Living With Dialysis

One in three American Adults are at risk for developing chronic Kidney Disease.
26 million American have kidney disease and most do not know it
High blood pressure and diabetes are the top 2 leading causes of kidney disease
Anyone at risk should have simple urine and blood tests done
Kidney disease is the 9th leading cause of death in the United States
Men with the disease are more likely to progress to failure than women
Black Americans are 3 times more likely to experience kidney failure than white.
Once kidneys fail it is over, dialysis or transplant are the only treatment
Everyday 13 people die in the United States waiting for a new kidney
What is Dialysis ?

Dialysis is a system that works as an artificial kidney for those whose kidneys are no longer functioning.

There are 2 types of dialysis hemodialysis and peritoneal dialysis. Most patients receive hemodialysis treatment. This includes their blood being circulated outside of their body and cleaned through a machine, then returned to the patient. Most patients receive a fistula which is inserted by a small surgery either in the leg or arm. If no vessels are suitable for the fistula then a small tube called a vascular graft to a joint or artery and vein under the skin is done.

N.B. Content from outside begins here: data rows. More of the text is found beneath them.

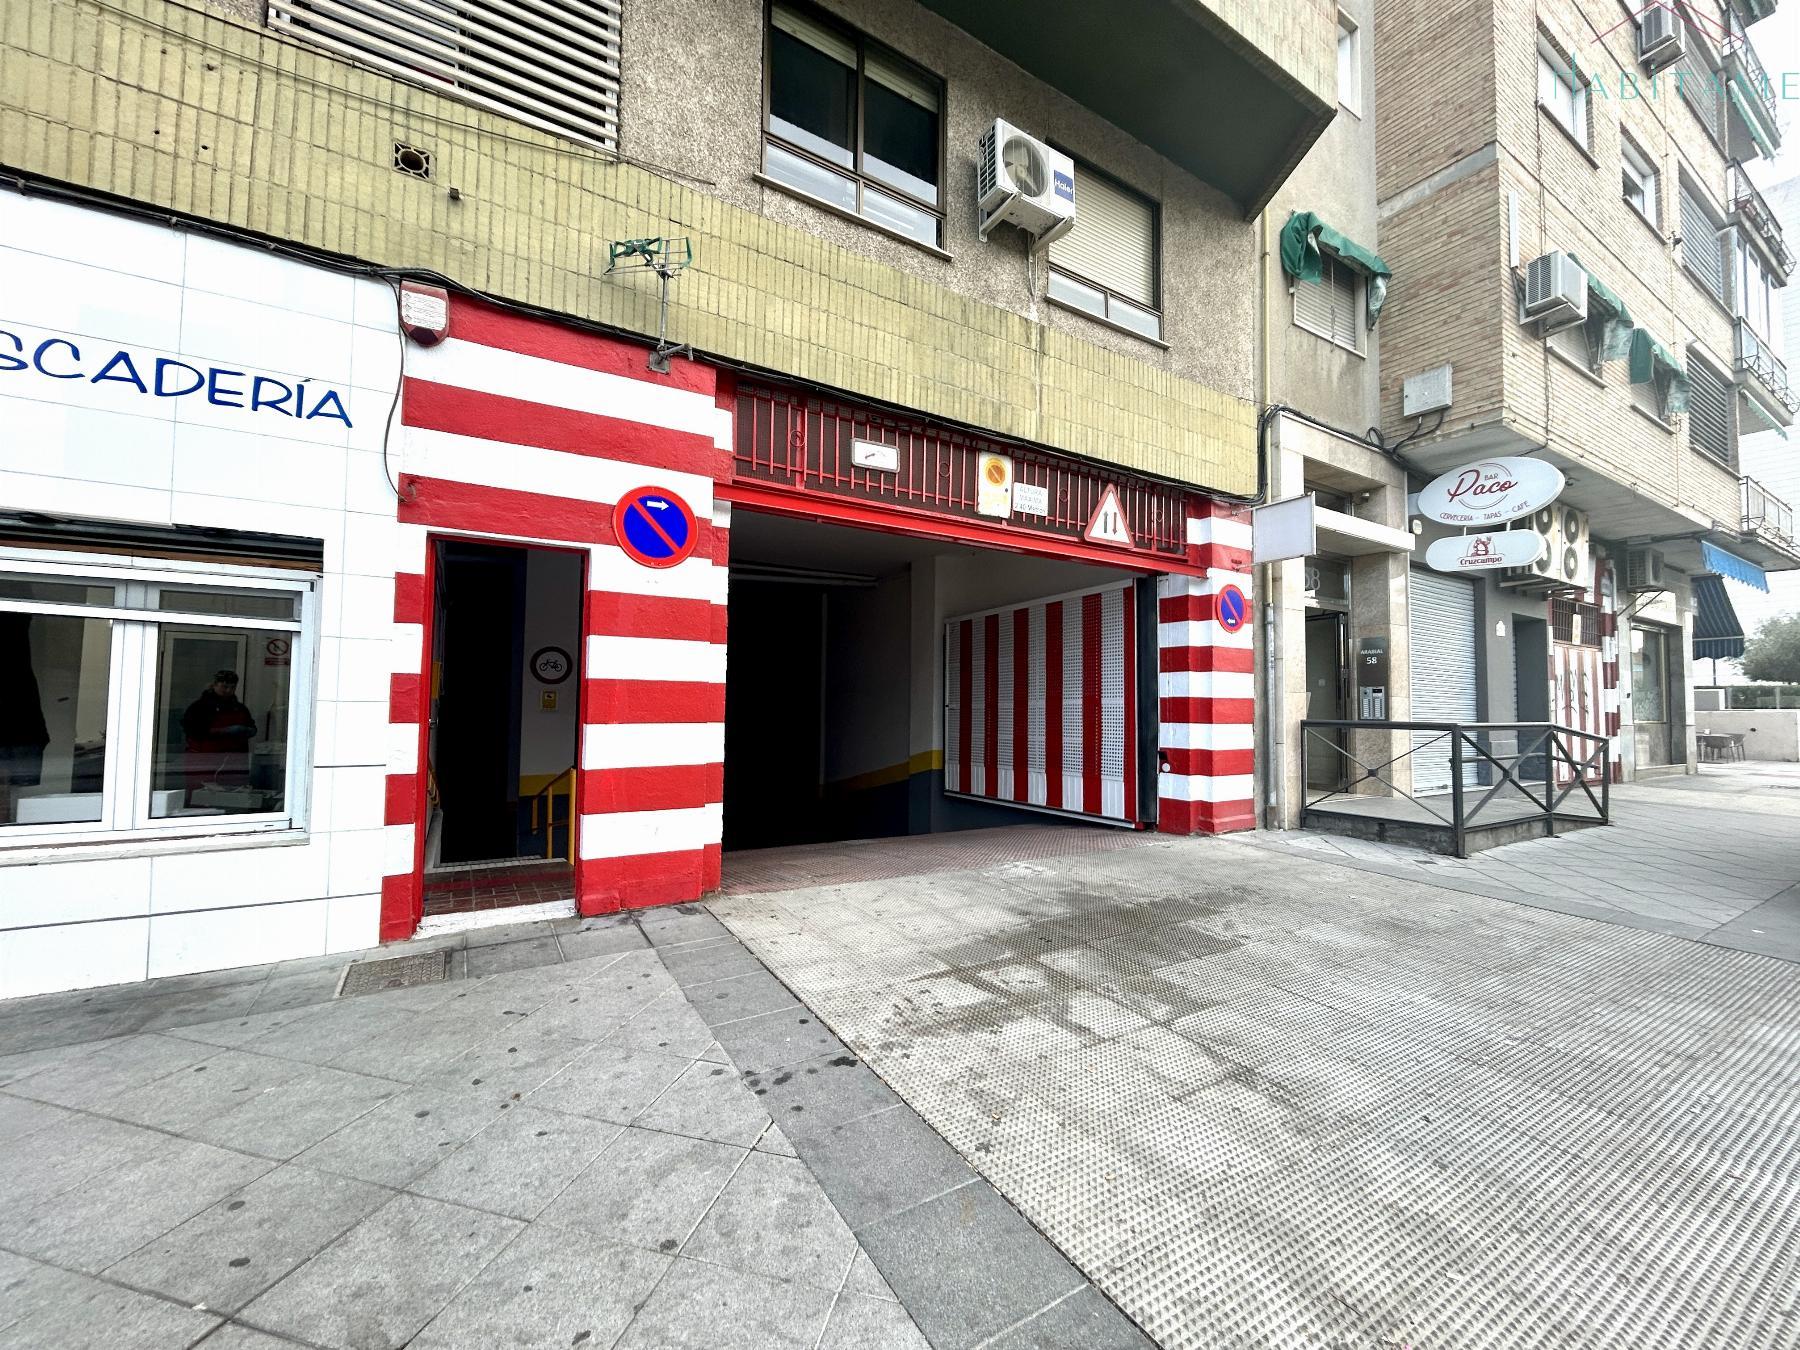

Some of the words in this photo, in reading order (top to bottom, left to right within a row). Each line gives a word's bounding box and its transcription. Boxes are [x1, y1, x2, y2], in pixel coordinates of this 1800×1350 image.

[1055, 179, 1073, 195] Haier
[0, 330, 353, 429] SCADERÍA
[1484, 473, 1499, 481] BAR
[1447, 469, 1518, 502] Paco
[1483, 511, 1503, 520] TAPAS
[1459, 556, 1503, 566] Cruzcampo
[1366, 656, 1378, 665] 58

Blood drains into the dialysis machine to be cleaned.

A small amount of patients can do peritoneal dialysis which uses the patient’s own peritoneal membrane as a filter and does not require constant transport to a dialysis center for the patient. Once the system is set up the patient is just monitored. This is also referred to as Continuous Ambulatory Peritoneal Dialysis (CAPD). The main benefit to this type of dialysis is freedom but some patients get infections and must change to the hemodialysis. This process is likely not as affective on large people due to the treatment involving the stomach.